Si miras mis fotos de hace unos años, verás a una mujer llena de energía, proyectos e ilusión. Si miras las de ahora, cuesta reconocerme. No es el paso del tiempo. Es el dolor.
Me llamo Irene, tengo 39 años y trabajo desde los 16. Siempre fui una persona luchadora. Nunca me importó hacer más horas, asumir responsabilidades o sacrificar mi tiempo libre. Gracias a mi esfuerzo fui creciendo profesionalmente hasta conseguir el puesto que tanto me había costado alcanzar.

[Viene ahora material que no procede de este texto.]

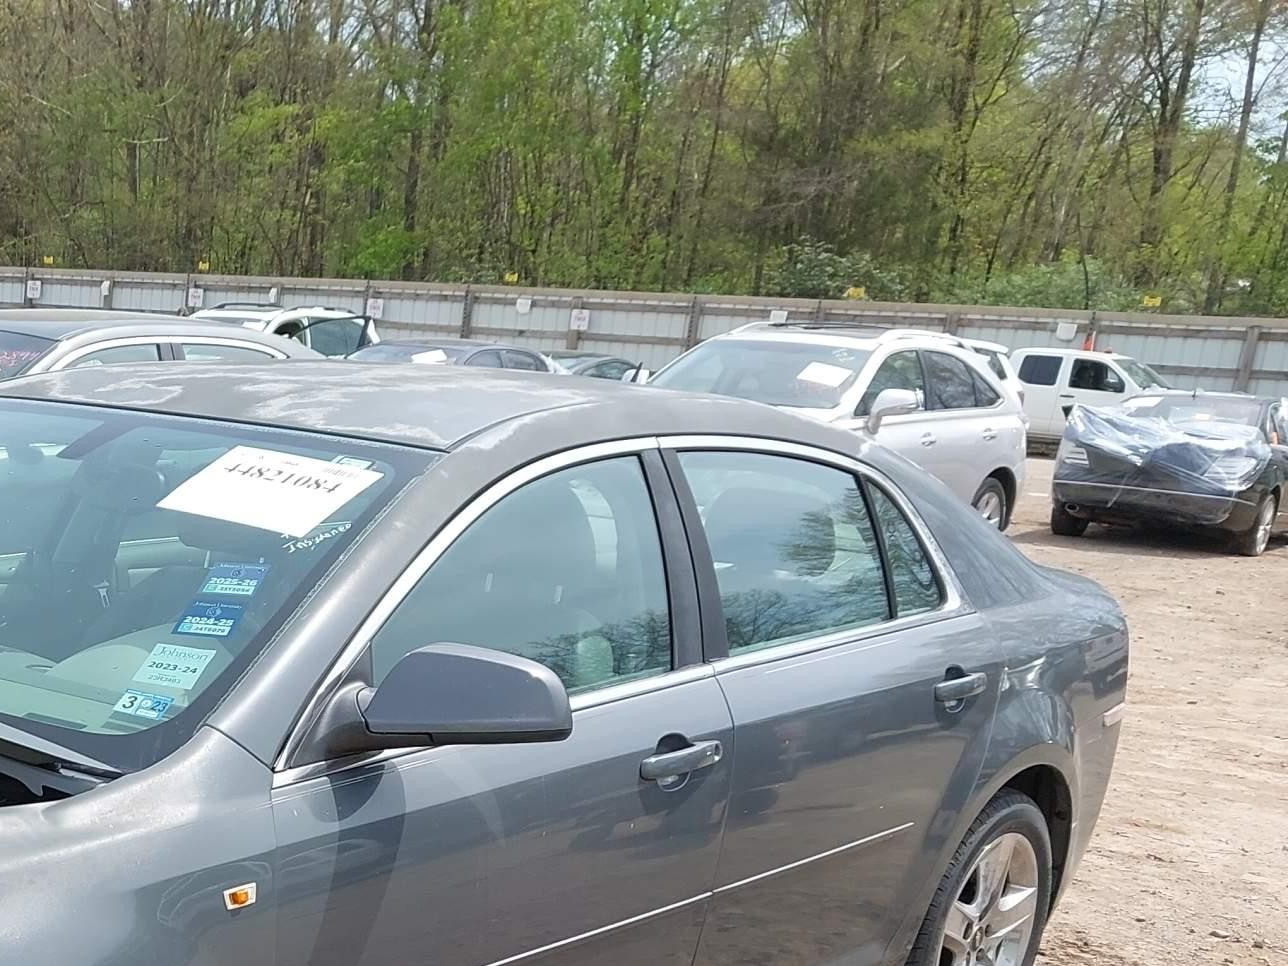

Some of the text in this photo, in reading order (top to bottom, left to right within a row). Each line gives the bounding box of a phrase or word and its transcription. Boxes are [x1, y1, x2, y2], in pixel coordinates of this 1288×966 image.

[223, 463, 343, 493] 44821084
[208, 577, 259, 587] 2025-26
[183, 615, 235, 626] 2024-25
[153, 646, 209, 662] Johnson
[147, 661, 199, 674] 2023-24
[121, 695, 169, 713] 3 23

Todo cambió a finales de 2021, cuando comenzaron unos fuertes dolores de espalda. Lo que parecía una lesión más acabó convirtiéndose en años de tratamientos, infiltraciones y dos operaciones de columna que no lograron solucionar el problema. Al contrario, mi situación fue empeorando hasta que me diagnosticaron síndrome de espalda fallida, una enfermedad que provoca dolor crónico severo y limitaciones permanentes.

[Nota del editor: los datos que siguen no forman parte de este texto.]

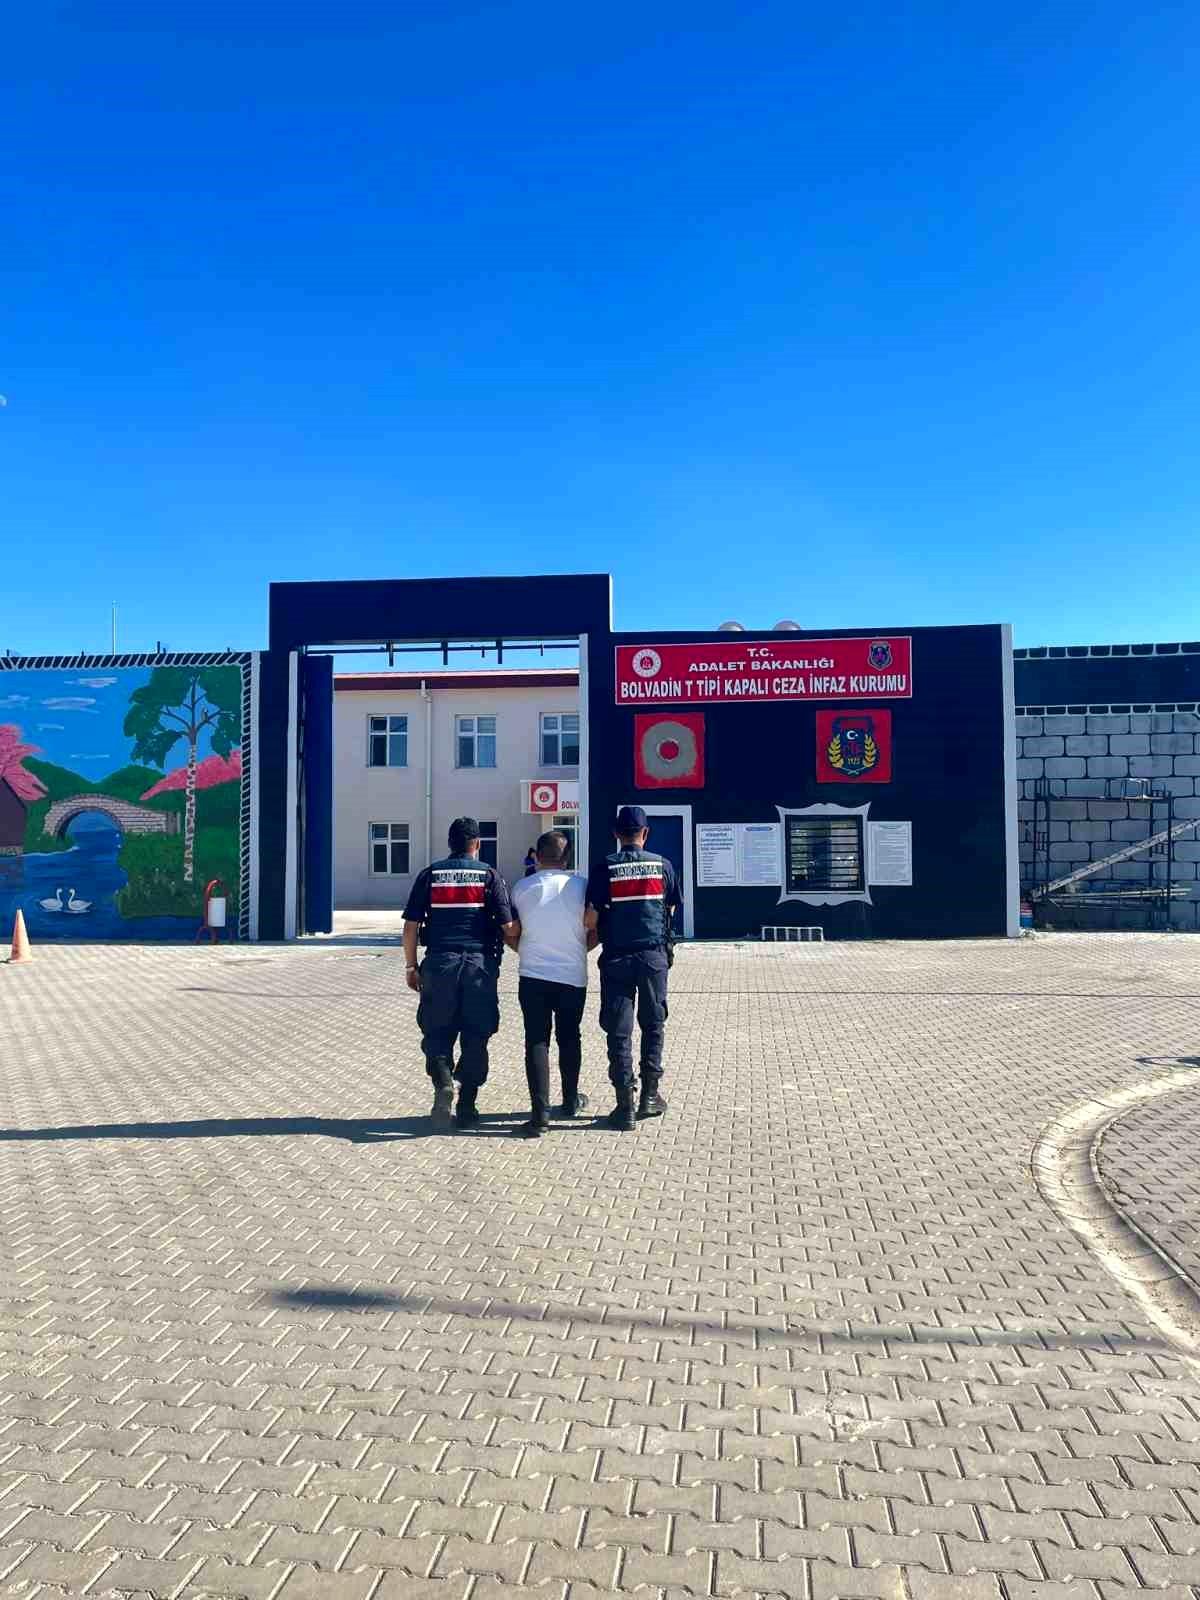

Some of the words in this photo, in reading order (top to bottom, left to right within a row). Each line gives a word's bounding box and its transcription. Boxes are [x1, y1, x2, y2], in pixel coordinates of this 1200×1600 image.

[747, 648, 774, 657] T.C.
[688, 661, 746, 672] ADALET
[751, 657, 834, 671] BAKANLIĞI
[621, 677, 682, 698] BOLVADİN
[685, 681, 693, 697] T
[696, 676, 721, 697] TİPİ
[724, 678, 769, 696] KAPALI
[772, 677, 806, 694] CEZA
[809, 673, 846, 693] İNFAZ
[850, 674, 907, 693] KURUMU
[561, 800, 580, 809] BOLV

Hoy vivo con dolor las 24 horas del día. No puedo agacharme, coger peso, permanecer mucho tiempo sentada o de pie y he perdido la capacidad de trabajar. A pesar de ello, me han denegado la incapacidad permanente absoluta y me he visto obligada a iniciar un proceso judicial para defender mis derechos.

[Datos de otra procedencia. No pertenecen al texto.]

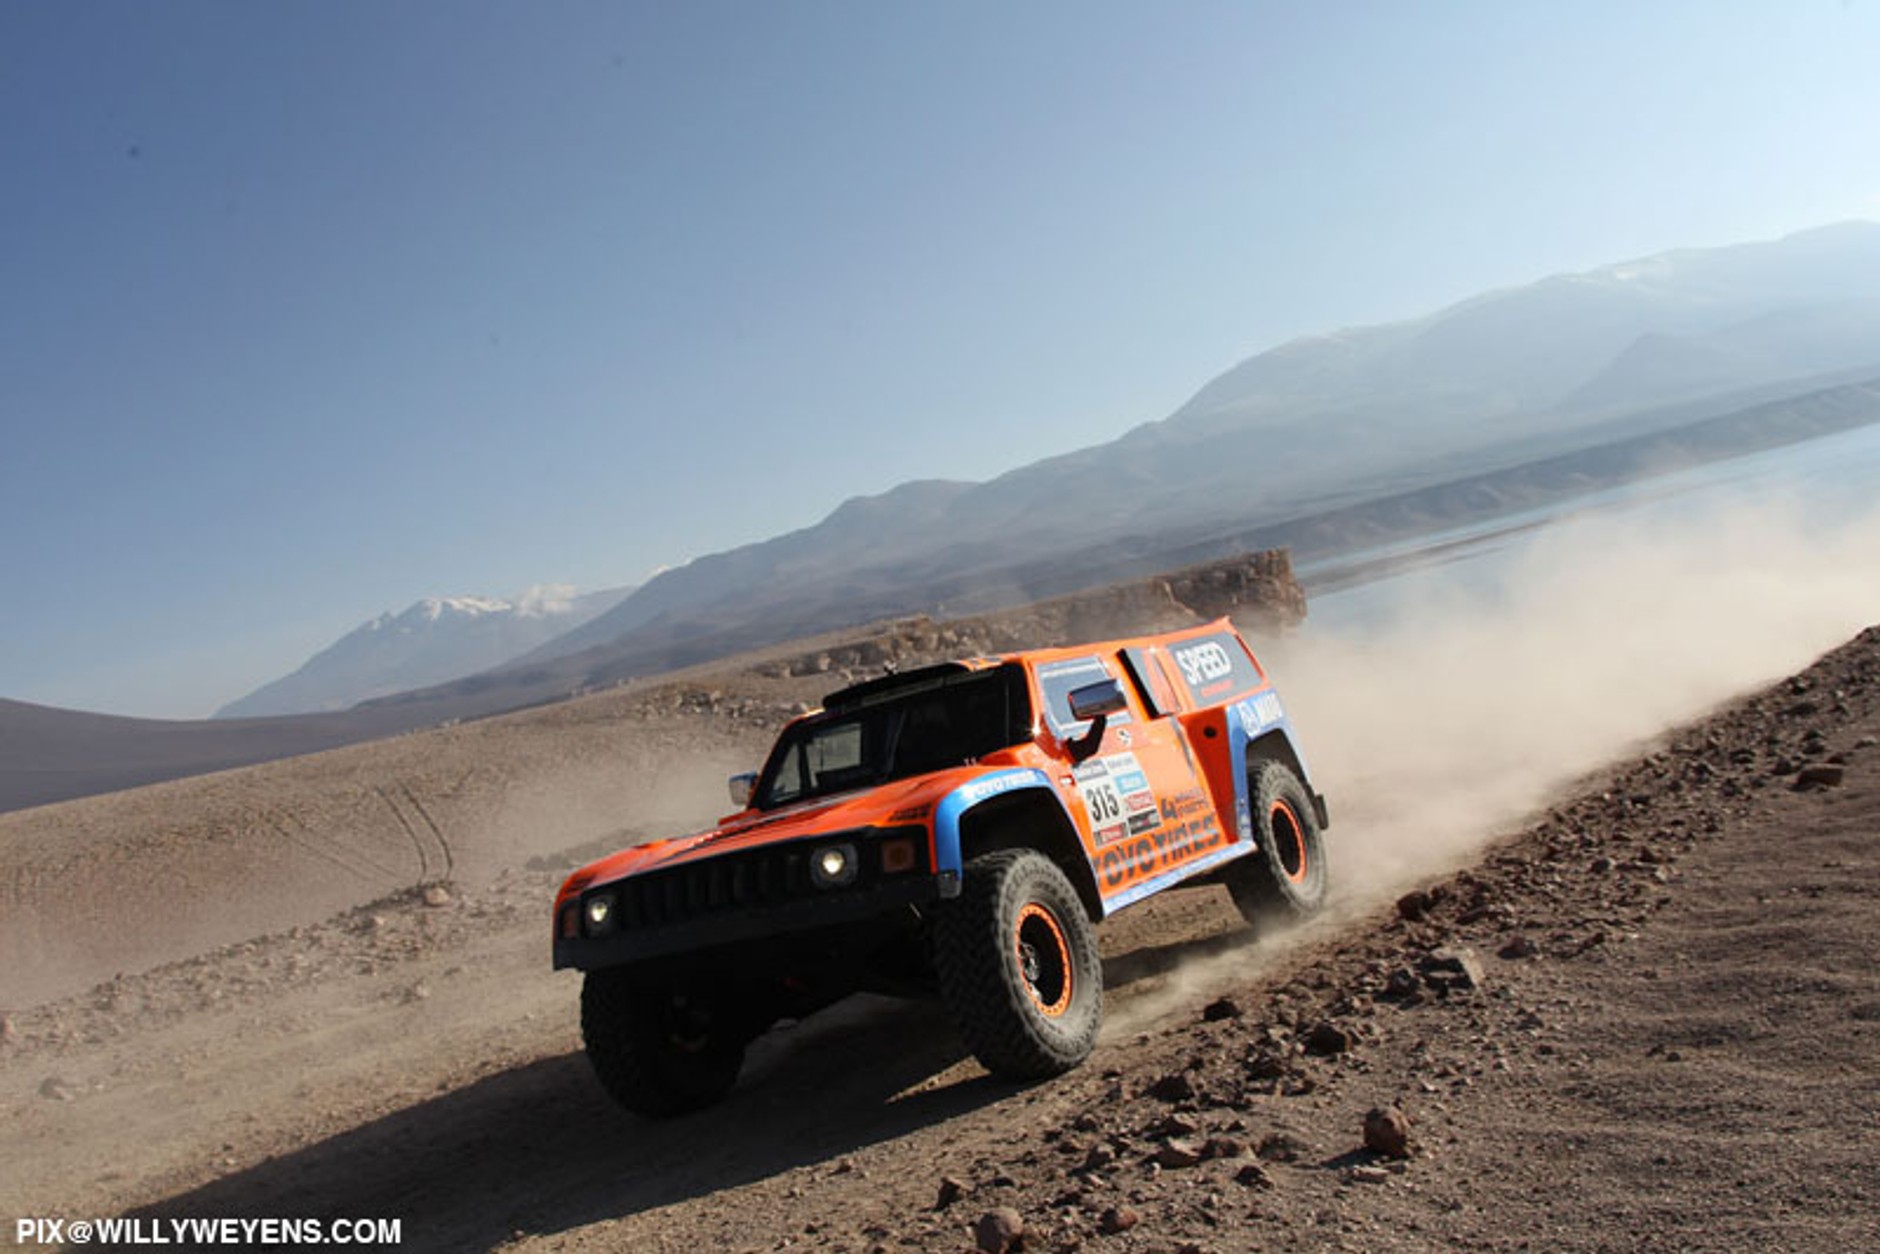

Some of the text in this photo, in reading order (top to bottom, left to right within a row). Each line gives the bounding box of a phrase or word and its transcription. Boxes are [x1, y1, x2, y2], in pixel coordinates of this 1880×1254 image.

El problema es que el juicio no se celebrará hasta octubre de 2027. Hasta entonces no podré acceder a las ayudas que necesito y tampoco puedo generar ingresos por mis limitaciones físicas. Mientras espero una resolución, sobrevivo gracias al apoyo de mis padres.
Lo más difícil no es el dolor. Lo más difícil es haber trabajado toda una vida para ser independiente y encontrarme ahora dependiendo de los demás para poder salir adelante.